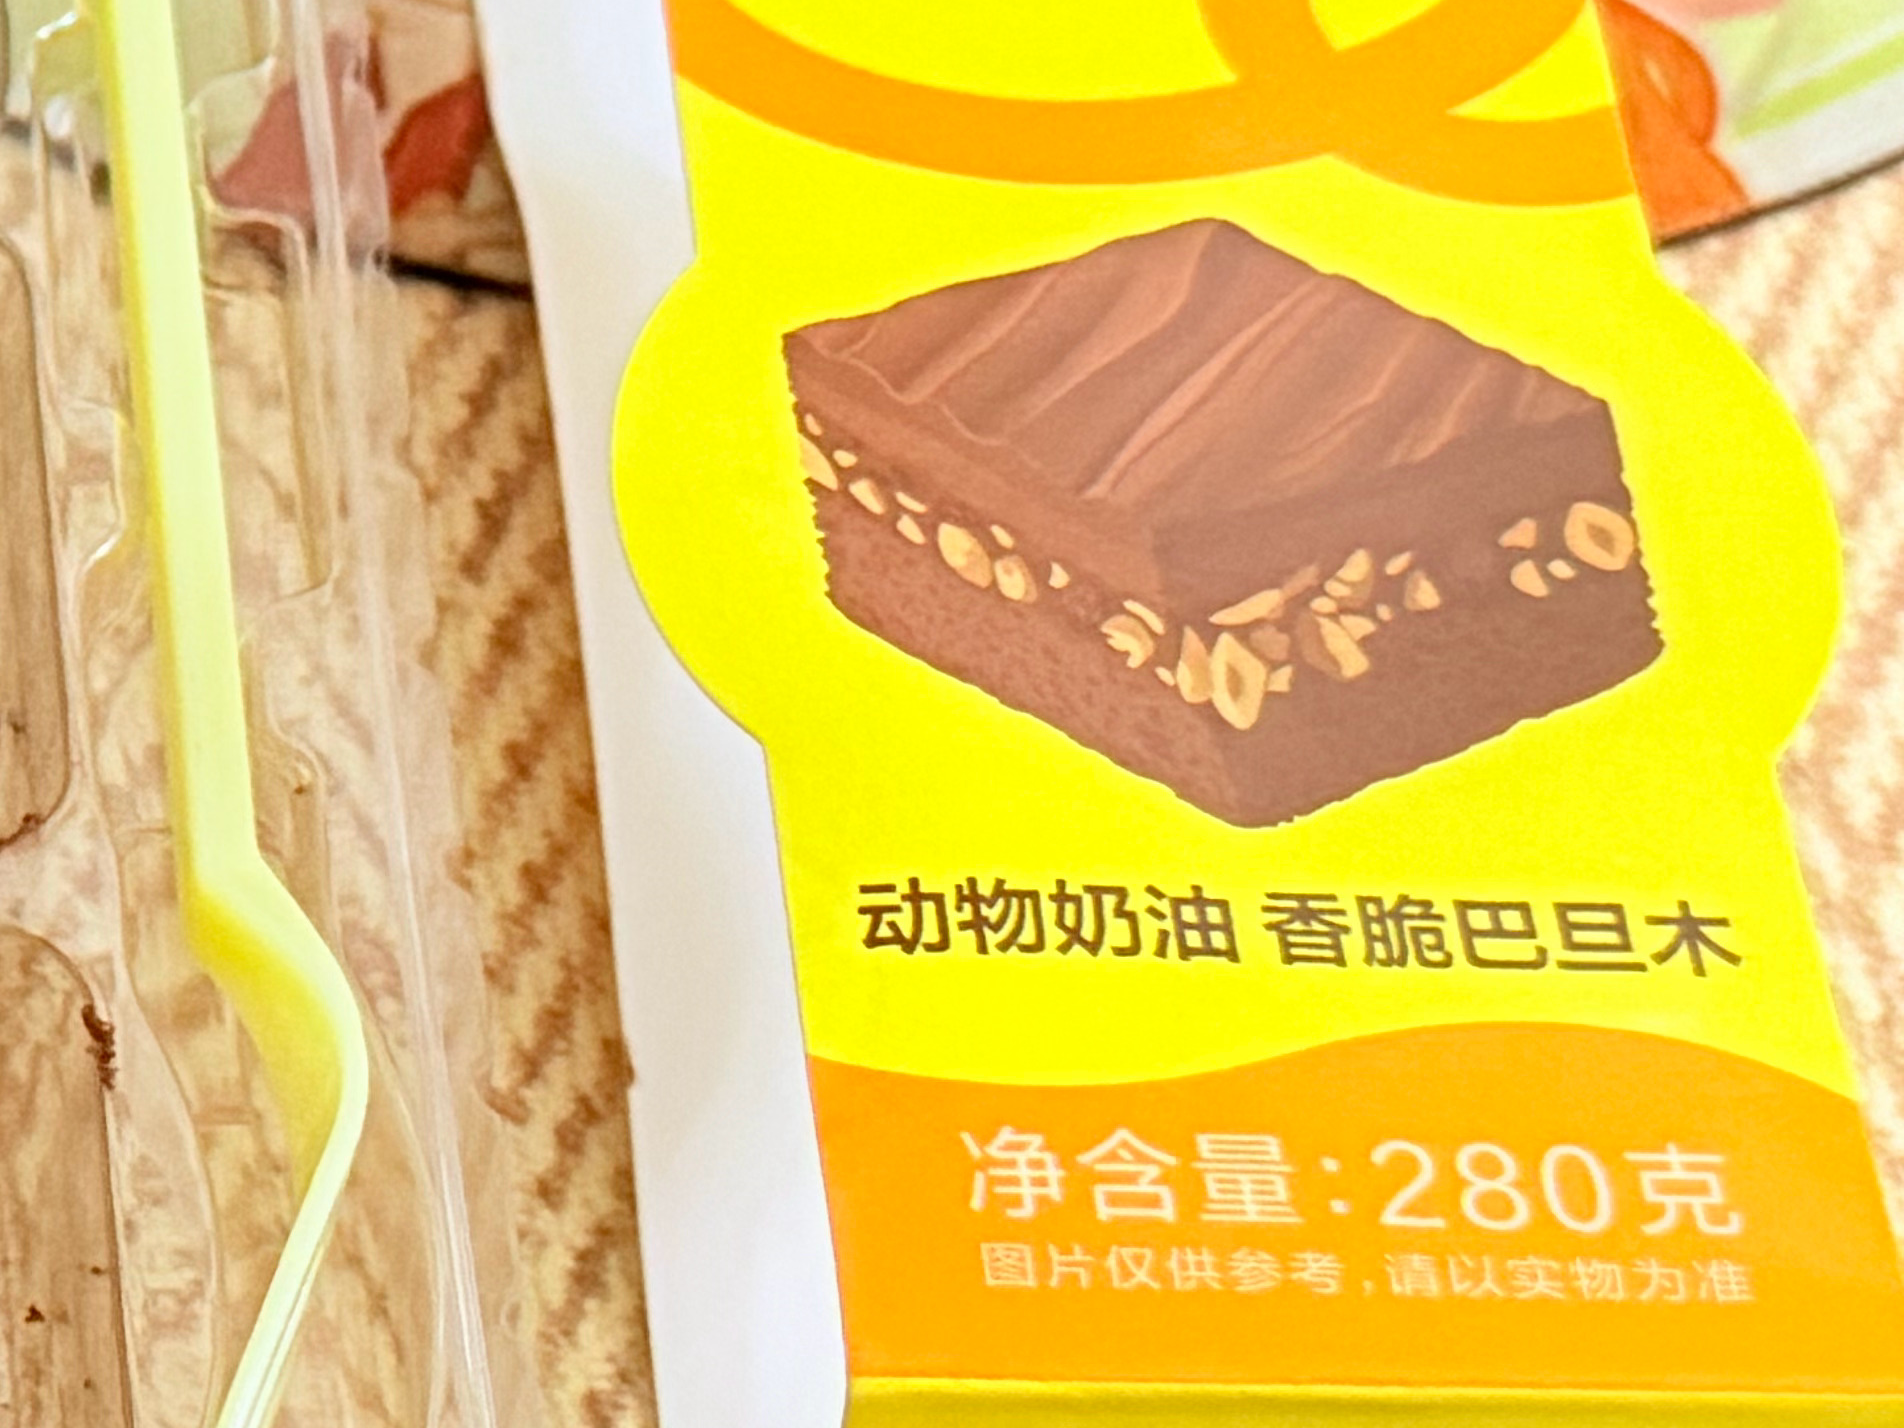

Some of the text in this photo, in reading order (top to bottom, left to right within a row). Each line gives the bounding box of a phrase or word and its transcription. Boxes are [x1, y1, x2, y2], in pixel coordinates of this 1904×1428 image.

[855, 876, 1743, 978] 动物奶油 香脆巴旦木
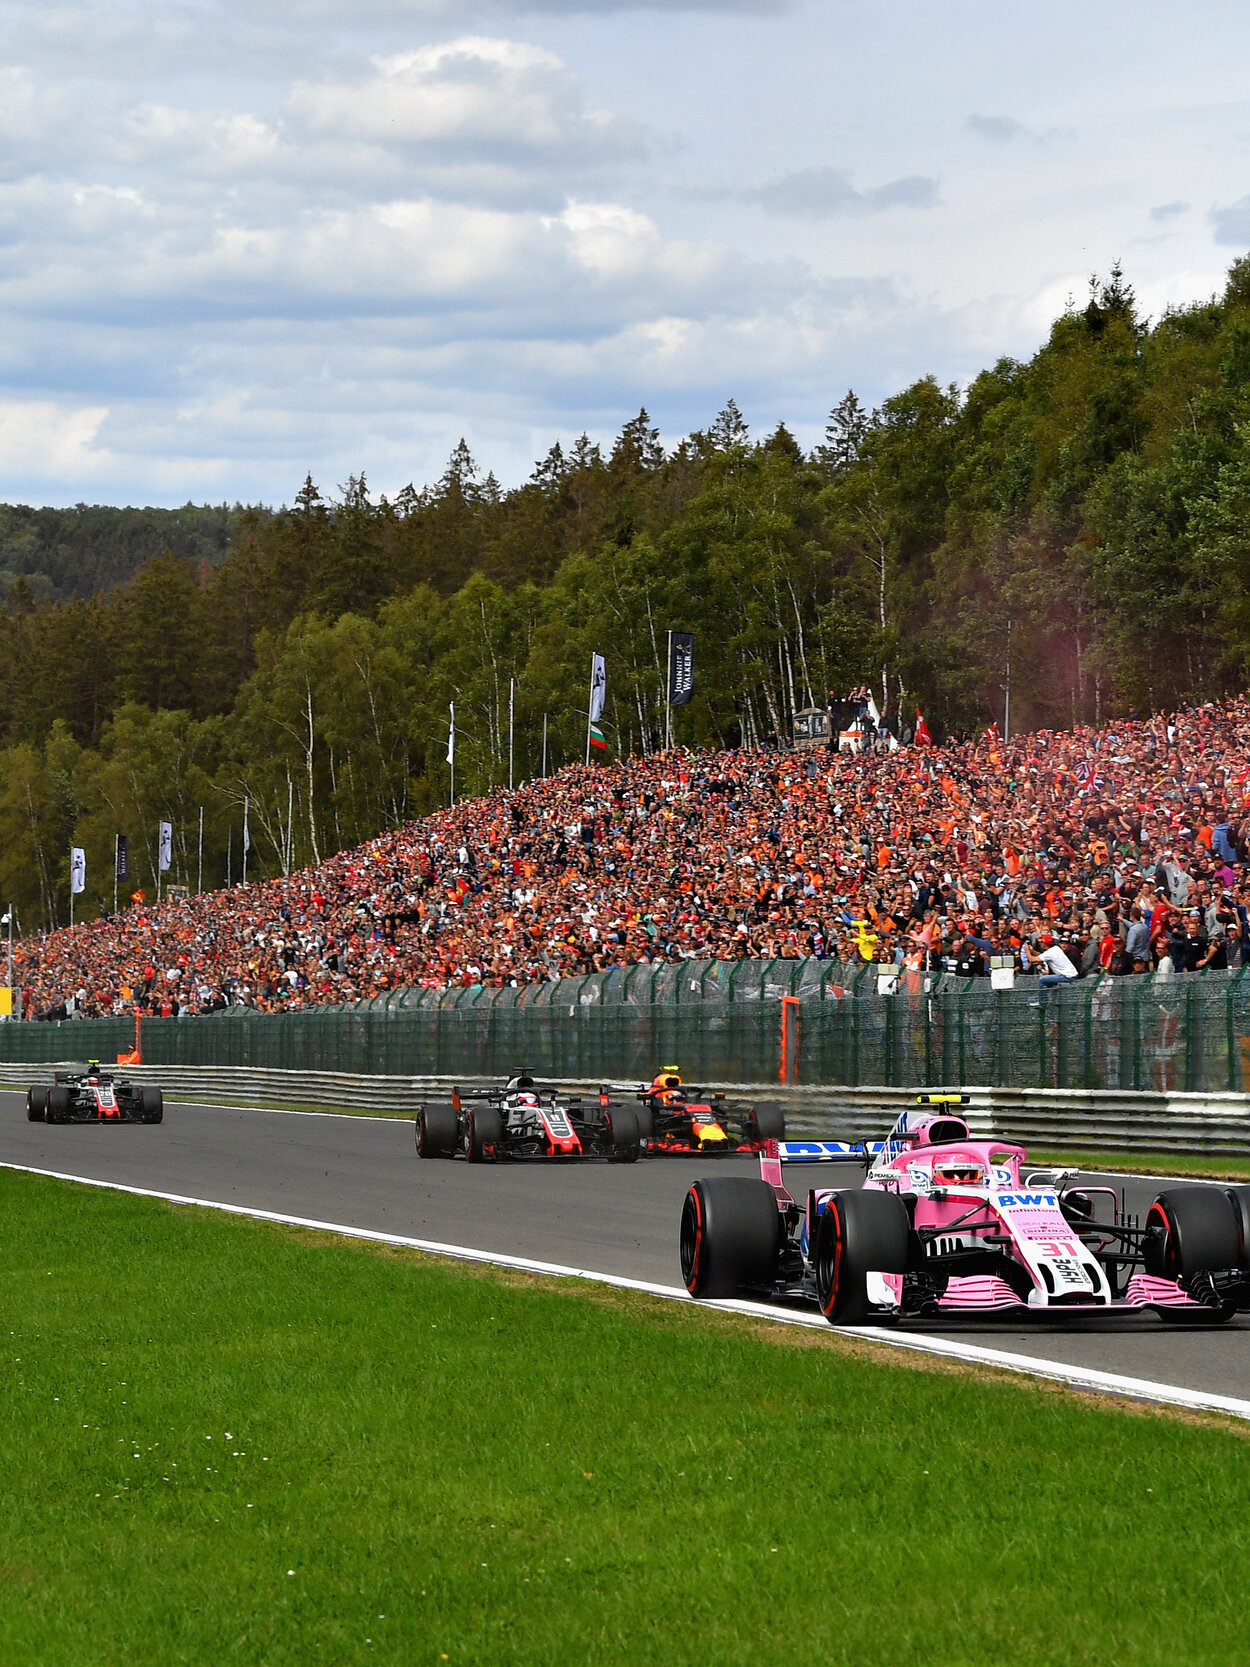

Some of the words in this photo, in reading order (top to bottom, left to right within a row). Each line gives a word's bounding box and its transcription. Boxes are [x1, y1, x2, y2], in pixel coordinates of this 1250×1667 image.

[674, 655, 684, 694] JOHNNIE
[683, 656, 692, 691] WALKER
[998, 1194, 1056, 1207] BWT
[1036, 1242, 1078, 1257] 31
[1051, 1258, 1084, 1284] HYPE

** What to work on **
Although the records hold pictures, return only what remains, word for word.

** Output of the exercise **
Some of the text in this photo, in reading order (top to bottom, left to right within a row). Each line gives the bounding box of a phrase or word and its transcription. Boxes are [x1, y1, x2, y2], in pixel coordinates of this 1904×1428 image.

[855, 876, 1743, 978] 动物奶油 香脆巴旦木

Some of the words in this photo, in reading order (top to bottom, left to right within a row). Each line gives a word's bounding box and its transcription. Boxes are [x1, y1, x2, y2], in pixel coordinates of this 1250×1667 image.

[674, 655, 684, 694] JOHNNIE
[683, 656, 692, 691] WALKER
[998, 1194, 1056, 1207] BWT
[1036, 1242, 1078, 1257] 31
[1051, 1258, 1084, 1284] HYPE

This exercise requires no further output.